▶ [Available data]
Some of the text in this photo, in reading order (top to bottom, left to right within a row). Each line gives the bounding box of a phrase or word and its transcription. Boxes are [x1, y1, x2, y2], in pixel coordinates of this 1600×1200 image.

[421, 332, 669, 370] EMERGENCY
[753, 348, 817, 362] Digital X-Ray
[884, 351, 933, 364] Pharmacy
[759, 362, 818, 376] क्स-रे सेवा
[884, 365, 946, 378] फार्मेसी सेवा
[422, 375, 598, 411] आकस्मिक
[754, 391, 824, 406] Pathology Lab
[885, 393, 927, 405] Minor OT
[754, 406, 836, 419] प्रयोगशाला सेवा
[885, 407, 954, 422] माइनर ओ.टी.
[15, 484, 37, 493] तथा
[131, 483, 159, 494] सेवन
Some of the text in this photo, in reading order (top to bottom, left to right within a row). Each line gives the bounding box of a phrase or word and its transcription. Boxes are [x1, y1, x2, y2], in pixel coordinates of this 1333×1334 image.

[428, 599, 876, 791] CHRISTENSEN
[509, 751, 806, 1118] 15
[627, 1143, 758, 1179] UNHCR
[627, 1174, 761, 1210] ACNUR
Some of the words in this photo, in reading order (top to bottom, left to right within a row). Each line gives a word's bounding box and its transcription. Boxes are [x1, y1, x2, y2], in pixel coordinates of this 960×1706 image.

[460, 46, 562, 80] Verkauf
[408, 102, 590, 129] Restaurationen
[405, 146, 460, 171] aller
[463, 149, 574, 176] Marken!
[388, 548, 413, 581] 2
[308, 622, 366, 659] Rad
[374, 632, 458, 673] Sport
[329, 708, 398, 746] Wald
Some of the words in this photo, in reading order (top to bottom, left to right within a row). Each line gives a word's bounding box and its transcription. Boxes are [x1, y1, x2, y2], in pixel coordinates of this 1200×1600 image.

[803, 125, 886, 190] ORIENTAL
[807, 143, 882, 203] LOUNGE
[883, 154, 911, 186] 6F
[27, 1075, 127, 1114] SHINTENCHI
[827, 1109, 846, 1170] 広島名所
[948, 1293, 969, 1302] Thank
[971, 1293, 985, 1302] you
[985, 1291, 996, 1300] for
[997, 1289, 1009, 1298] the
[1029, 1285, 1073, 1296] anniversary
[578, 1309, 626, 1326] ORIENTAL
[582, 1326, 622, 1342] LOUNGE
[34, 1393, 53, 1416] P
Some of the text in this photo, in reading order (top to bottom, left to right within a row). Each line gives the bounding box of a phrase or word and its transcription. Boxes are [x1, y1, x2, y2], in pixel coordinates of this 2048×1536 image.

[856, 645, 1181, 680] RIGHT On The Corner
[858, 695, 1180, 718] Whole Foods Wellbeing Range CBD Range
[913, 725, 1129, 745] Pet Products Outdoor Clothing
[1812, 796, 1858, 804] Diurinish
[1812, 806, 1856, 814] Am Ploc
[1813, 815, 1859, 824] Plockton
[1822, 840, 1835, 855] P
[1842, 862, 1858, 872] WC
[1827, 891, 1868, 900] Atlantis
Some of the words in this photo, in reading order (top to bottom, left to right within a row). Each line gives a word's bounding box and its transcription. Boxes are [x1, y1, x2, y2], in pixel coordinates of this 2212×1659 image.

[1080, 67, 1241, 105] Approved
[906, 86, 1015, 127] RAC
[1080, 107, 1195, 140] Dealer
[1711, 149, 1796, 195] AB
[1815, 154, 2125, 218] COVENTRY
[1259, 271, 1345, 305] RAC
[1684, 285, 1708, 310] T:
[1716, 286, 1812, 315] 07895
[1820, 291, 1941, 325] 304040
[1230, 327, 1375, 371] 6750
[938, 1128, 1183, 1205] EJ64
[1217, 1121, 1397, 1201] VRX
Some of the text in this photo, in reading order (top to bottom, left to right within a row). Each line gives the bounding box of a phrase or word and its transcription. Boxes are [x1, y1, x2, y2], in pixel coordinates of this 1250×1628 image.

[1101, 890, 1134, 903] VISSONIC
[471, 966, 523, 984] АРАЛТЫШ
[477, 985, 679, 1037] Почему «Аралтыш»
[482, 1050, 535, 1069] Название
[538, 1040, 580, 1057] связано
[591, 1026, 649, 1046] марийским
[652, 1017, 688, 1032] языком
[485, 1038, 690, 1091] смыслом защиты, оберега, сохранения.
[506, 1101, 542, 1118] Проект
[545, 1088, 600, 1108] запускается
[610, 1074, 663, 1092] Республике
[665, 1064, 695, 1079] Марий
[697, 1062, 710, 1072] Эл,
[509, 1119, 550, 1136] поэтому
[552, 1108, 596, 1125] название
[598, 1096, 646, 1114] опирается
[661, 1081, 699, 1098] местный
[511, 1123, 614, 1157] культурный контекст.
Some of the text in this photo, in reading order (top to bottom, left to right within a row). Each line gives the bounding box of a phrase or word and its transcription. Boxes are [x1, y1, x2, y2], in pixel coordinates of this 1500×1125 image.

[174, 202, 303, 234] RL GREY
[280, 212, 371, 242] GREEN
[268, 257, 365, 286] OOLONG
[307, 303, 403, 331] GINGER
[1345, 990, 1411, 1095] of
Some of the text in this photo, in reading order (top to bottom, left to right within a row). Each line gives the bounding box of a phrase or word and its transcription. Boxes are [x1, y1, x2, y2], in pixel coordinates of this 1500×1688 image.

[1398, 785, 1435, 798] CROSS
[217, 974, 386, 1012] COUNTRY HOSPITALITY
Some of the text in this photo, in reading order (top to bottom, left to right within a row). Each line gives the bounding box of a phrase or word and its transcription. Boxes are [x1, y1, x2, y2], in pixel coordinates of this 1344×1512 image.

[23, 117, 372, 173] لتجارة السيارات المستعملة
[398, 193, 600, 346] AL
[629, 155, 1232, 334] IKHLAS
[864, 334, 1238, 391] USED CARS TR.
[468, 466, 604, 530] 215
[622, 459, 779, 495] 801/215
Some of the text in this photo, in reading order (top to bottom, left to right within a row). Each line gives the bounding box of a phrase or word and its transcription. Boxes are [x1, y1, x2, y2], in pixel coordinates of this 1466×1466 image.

▶ [Problem statement]
Output the entire listing exactly, including each line.

▶ [Answer to this exercise]
Some of the text in this photo, in reading order (top to bottom, left to right within a row). Each line gives the bounding box of a phrase or word and its transcription. Boxes are [x1, y1, x2, y2], in pixel coordinates of this 1600×1200 image.

[421, 332, 669, 370] EMERGENCY
[753, 348, 817, 362] Digital X-Ray
[884, 351, 933, 364] Pharmacy
[759, 362, 818, 376] क्स-रे सेवा
[884, 365, 946, 378] फार्मेसी सेवा
[422, 375, 598, 411] आकस्मिक
[754, 391, 824, 406] Pathology Lab
[885, 393, 927, 405] Minor OT
[754, 406, 836, 419] प्रयोगशाला सेवा
[885, 407, 954, 422] माइनर ओ.टी.
[15, 484, 37, 493] तथा
[131, 483, 159, 494] सेवन
Some of the text in this photo, in reading order (top to bottom, left to right within a row). Each line gives the bounding box of a phrase or word and its transcription. Boxes are [x1, y1, x2, y2], in pixel coordinates of this 1333×1334 image.

[428, 599, 876, 791] CHRISTENSEN
[509, 751, 806, 1118] 15
[627, 1143, 758, 1179] UNHCR
[627, 1174, 761, 1210] ACNUR
Some of the words in this photo, in reading order (top to bottom, left to right within a row). Each line gives a word's bounding box and its transcription. Boxes are [x1, y1, x2, y2], in pixel coordinates of this 960×1706 image.

[460, 46, 562, 80] Verkauf
[408, 102, 590, 129] Restaurationen
[405, 146, 460, 171] aller
[463, 149, 574, 176] Marken!
[388, 548, 413, 581] 2
[308, 622, 366, 659] Rad
[374, 632, 458, 673] Sport
[329, 708, 398, 746] Wald
Some of the words in this photo, in reading order (top to bottom, left to right within a row). Each line gives a word's bounding box and its transcription. Boxes are [x1, y1, x2, y2], in pixel coordinates of this 1200×1600 image.

[803, 125, 886, 190] ORIENTAL
[807, 143, 882, 203] LOUNGE
[883, 154, 911, 186] 6F
[27, 1075, 127, 1114] SHINTENCHI
[827, 1109, 846, 1170] 広島名所
[948, 1293, 969, 1302] Thank
[971, 1293, 985, 1302] you
[985, 1291, 996, 1300] for
[997, 1289, 1009, 1298] the
[1029, 1285, 1073, 1296] anniversary
[578, 1309, 626, 1326] ORIENTAL
[582, 1326, 622, 1342] LOUNGE
[34, 1393, 53, 1416] P
Some of the text in this photo, in reading order (top to bottom, left to right within a row). Each line gives the bounding box of a phrase or word and its transcription. Boxes are [x1, y1, x2, y2], in pixel coordinates of this 2048×1536 image.

[856, 645, 1181, 680] RIGHT On The Corner
[858, 695, 1180, 718] Whole Foods Wellbeing Range CBD Range
[913, 725, 1129, 745] Pet Products Outdoor Clothing
[1812, 796, 1858, 804] Diurinish
[1812, 806, 1856, 814] Am Ploc
[1813, 815, 1859, 824] Plockton
[1822, 840, 1835, 855] P
[1842, 862, 1858, 872] WC
[1827, 891, 1868, 900] Atlantis
Some of the words in this photo, in reading order (top to bottom, left to right within a row). Each line gives a word's bounding box and its transcription. Boxes are [x1, y1, x2, y2], in pixel coordinates of this 2212×1659 image.

[1080, 67, 1241, 105] Approved
[906, 86, 1015, 127] RAC
[1080, 107, 1195, 140] Dealer
[1711, 149, 1796, 195] AB
[1815, 154, 2125, 218] COVENTRY
[1259, 271, 1345, 305] RAC
[1684, 285, 1708, 310] T:
[1716, 286, 1812, 315] 07895
[1820, 291, 1941, 325] 304040
[1230, 327, 1375, 371] 6750
[938, 1128, 1183, 1205] EJ64
[1217, 1121, 1397, 1201] VRX
Some of the text in this photo, in reading order (top to bottom, left to right within a row). Each line gives the bounding box of a phrase or word and its transcription. Boxes are [x1, y1, x2, y2], in pixel coordinates of this 1250×1628 image.

[1101, 890, 1134, 903] VISSONIC
[471, 966, 523, 984] АРАЛТЫШ
[477, 985, 679, 1037] Почему «Аралтыш»
[482, 1050, 535, 1069] Название
[538, 1040, 580, 1057] связано
[591, 1026, 649, 1046] марийским
[652, 1017, 688, 1032] языком
[485, 1038, 690, 1091] смыслом защиты, оберега, сохранения.
[506, 1101, 542, 1118] Проект
[545, 1088, 600, 1108] запускается
[610, 1074, 663, 1092] Республике
[665, 1064, 695, 1079] Марий
[697, 1062, 710, 1072] Эл,
[509, 1119, 550, 1136] поэтому
[552, 1108, 596, 1125] название
[598, 1096, 646, 1114] опирается
[661, 1081, 699, 1098] местный
[511, 1123, 614, 1157] культурный контекст.
Some of the text in this photo, in reading order (top to bottom, left to right within a row). Each line gives the bounding box of a phrase or word and its transcription. Boxes are [x1, y1, x2, y2], in pixel coordinates of this 1500×1125 image.

[174, 202, 303, 234] RL GREY
[280, 212, 371, 242] GREEN
[268, 257, 365, 286] OOLONG
[307, 303, 403, 331] GINGER
[1345, 990, 1411, 1095] of
Some of the text in this photo, in reading order (top to bottom, left to right within a row). Each line gives the bounding box of a phrase or word and its transcription. Boxes are [x1, y1, x2, y2], in pixel coordinates of this 1500×1688 image.

[1398, 785, 1435, 798] CROSS
[217, 974, 386, 1012] COUNTRY HOSPITALITY
Some of the text in this photo, in reading order (top to bottom, left to right within a row). Each line gives the bounding box of a phrase or word and its transcription. Boxes are [x1, y1, x2, y2], in pixel coordinates of this 1344×1512 image.

[23, 117, 372, 173] لتجارة السيارات المستعملة
[398, 193, 600, 346] AL
[629, 155, 1232, 334] IKHLAS
[864, 334, 1238, 391] USED CARS TR.
[468, 466, 604, 530] 215
[622, 459, 779, 495] 801/215
Some of the text in this photo, in reading order (top to bottom, left to right within a row). Each line gives the bounding box of a phrase or word and its transcription. Boxes are [x1, y1, x2, y2], in pixel coordinates of this 1466×1466 image.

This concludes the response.